Your assignment: Reproduce the records below in full and word for word, excluding pictures.

Records from a collection:
================

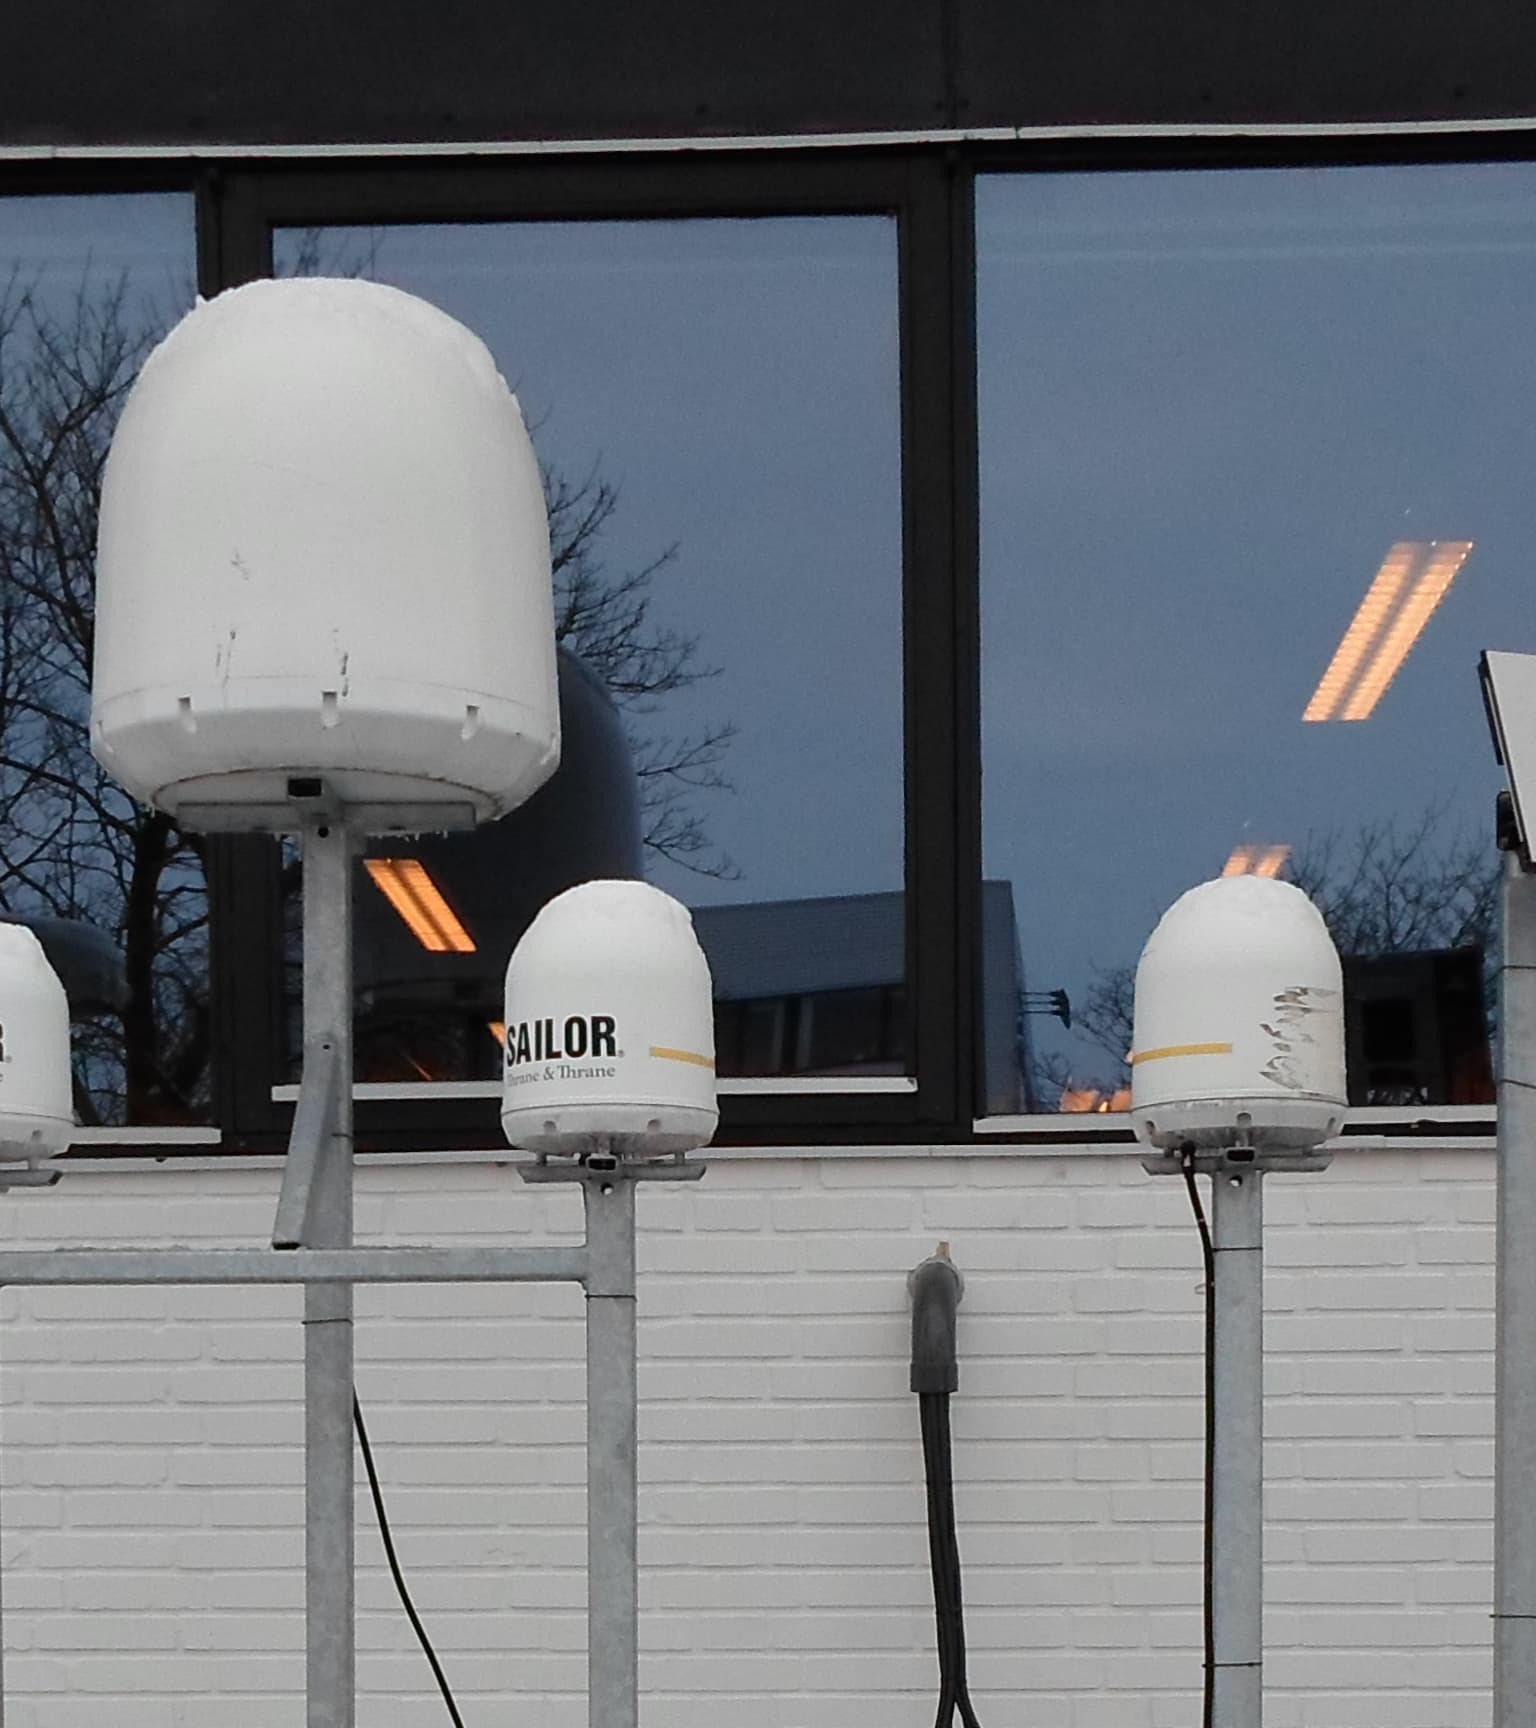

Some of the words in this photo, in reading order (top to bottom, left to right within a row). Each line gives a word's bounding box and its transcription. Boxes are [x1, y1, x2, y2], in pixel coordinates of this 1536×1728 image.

[507, 1015, 617, 1067] SAILOR
[543, 1066, 555, 1081] &
[557, 1064, 616, 1079] Thrane
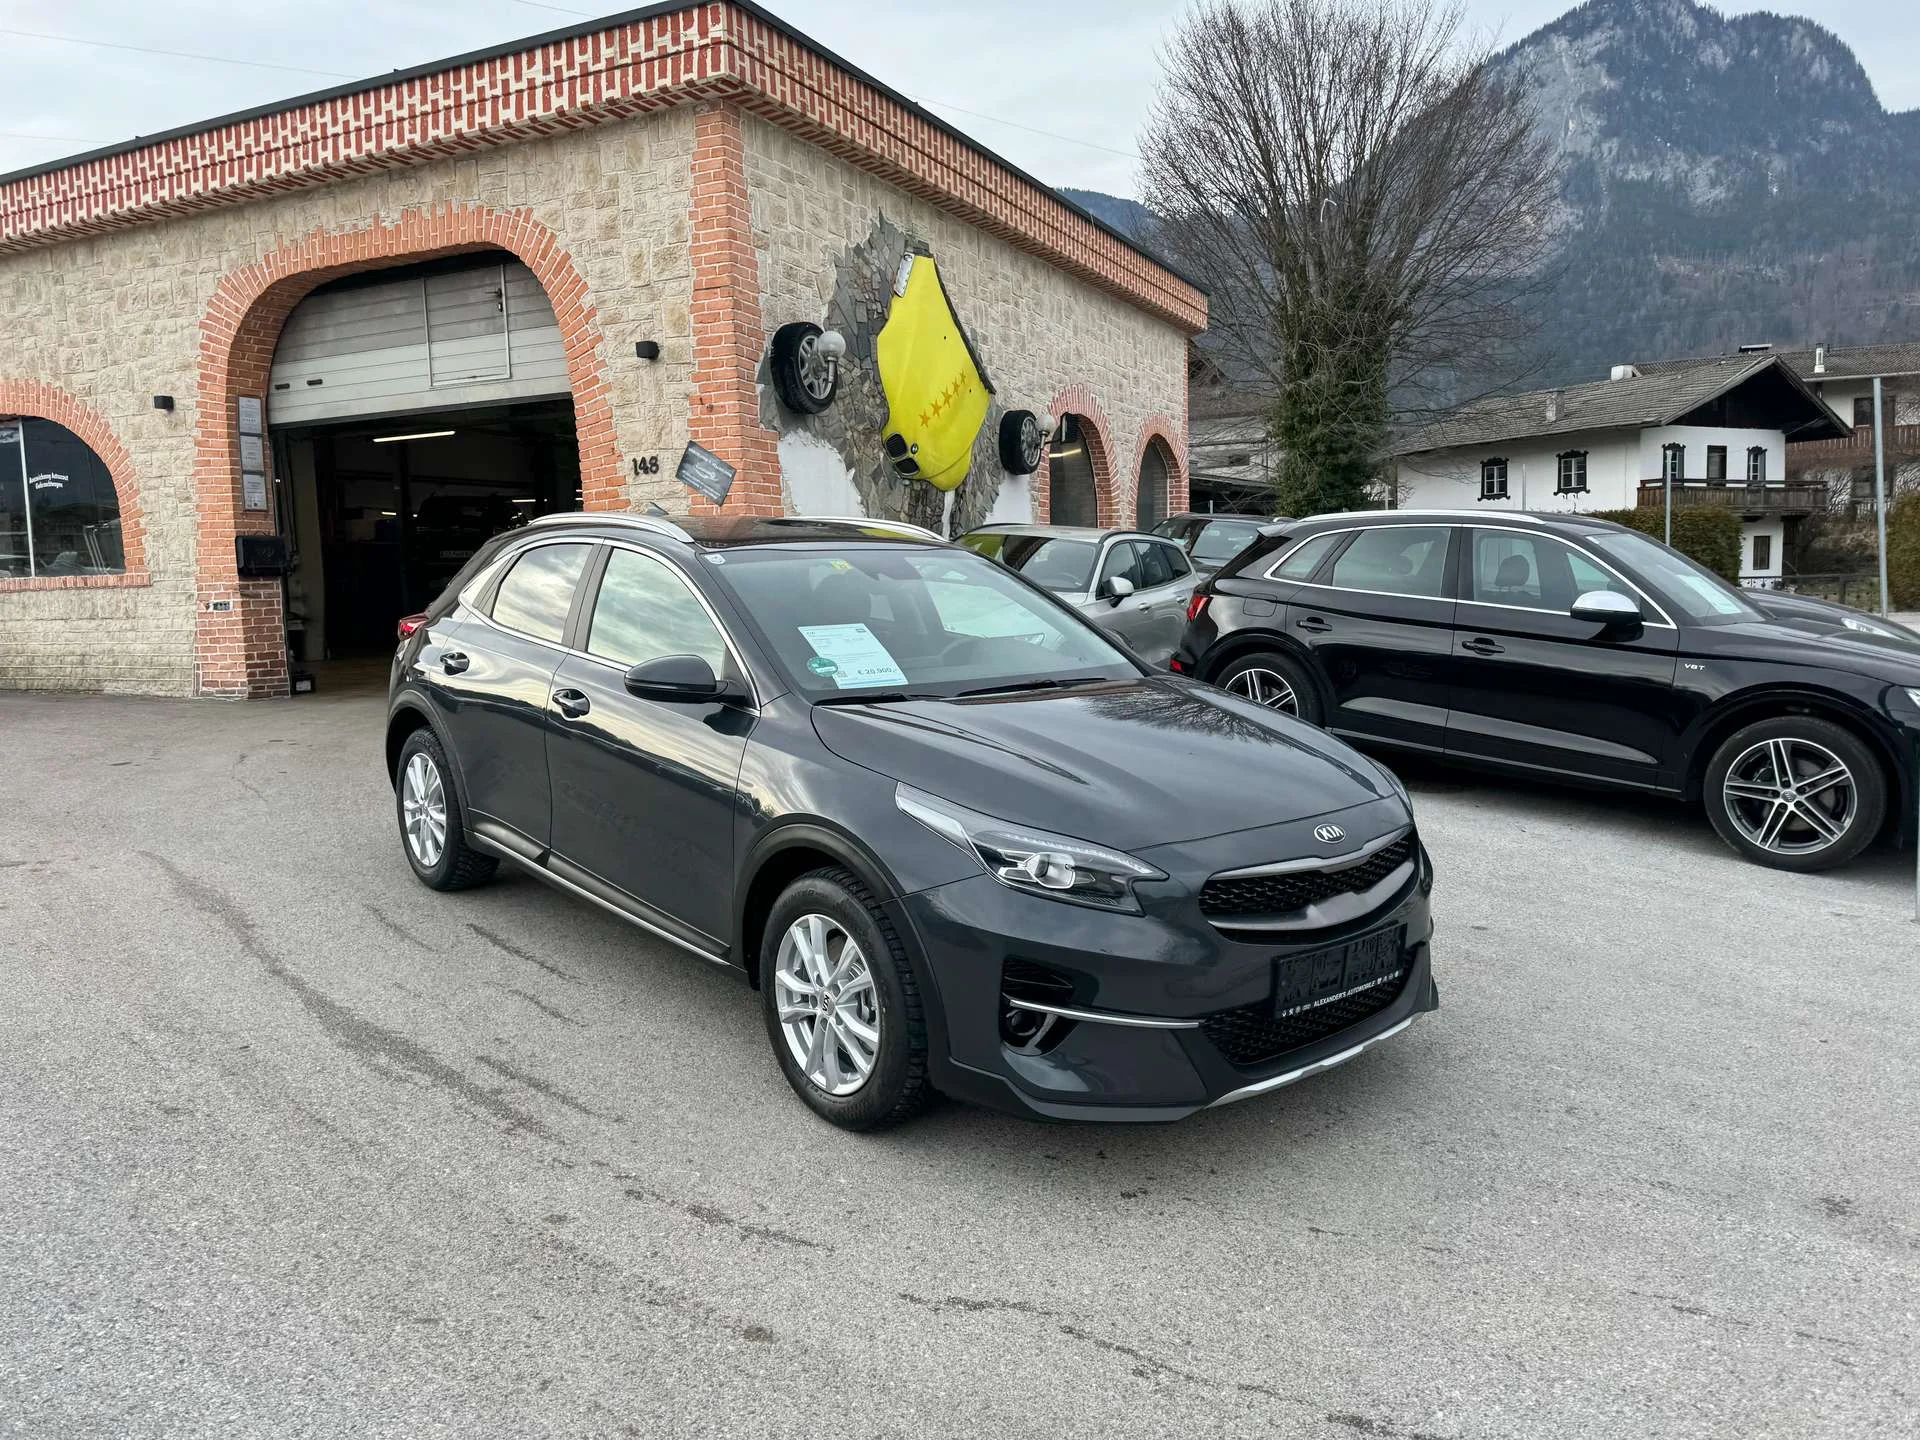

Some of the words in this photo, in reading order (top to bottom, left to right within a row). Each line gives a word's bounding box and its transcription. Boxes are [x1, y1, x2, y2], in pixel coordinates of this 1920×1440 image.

[632, 455, 659, 476] 148
[1317, 825, 1344, 841] KIA
[1313, 991, 1347, 1007] ALEXANDER'S
[1346, 980, 1376, 996] AUTOMOBILE

================

Result below:
Some of the words in this photo, in reading order (top to bottom, left to right within a row). Each line gives a word's bounding box and its transcription. Boxes are [x1, y1, x2, y2], in pixel coordinates of this 1536×1728 image.

[507, 1015, 617, 1067] SAILOR
[543, 1066, 555, 1081] &
[557, 1064, 616, 1079] Thrane

Some of the words in this photo, in reading order (top to bottom, left to right within a row). Each line gives a word's bounding box and its transcription. Boxes are [x1, y1, x2, y2], in pixel coordinates of this 1920×1440 image.

[632, 455, 659, 476] 148
[1317, 825, 1344, 841] KIA
[1313, 991, 1347, 1007] ALEXANDER'S
[1346, 980, 1376, 996] AUTOMOBILE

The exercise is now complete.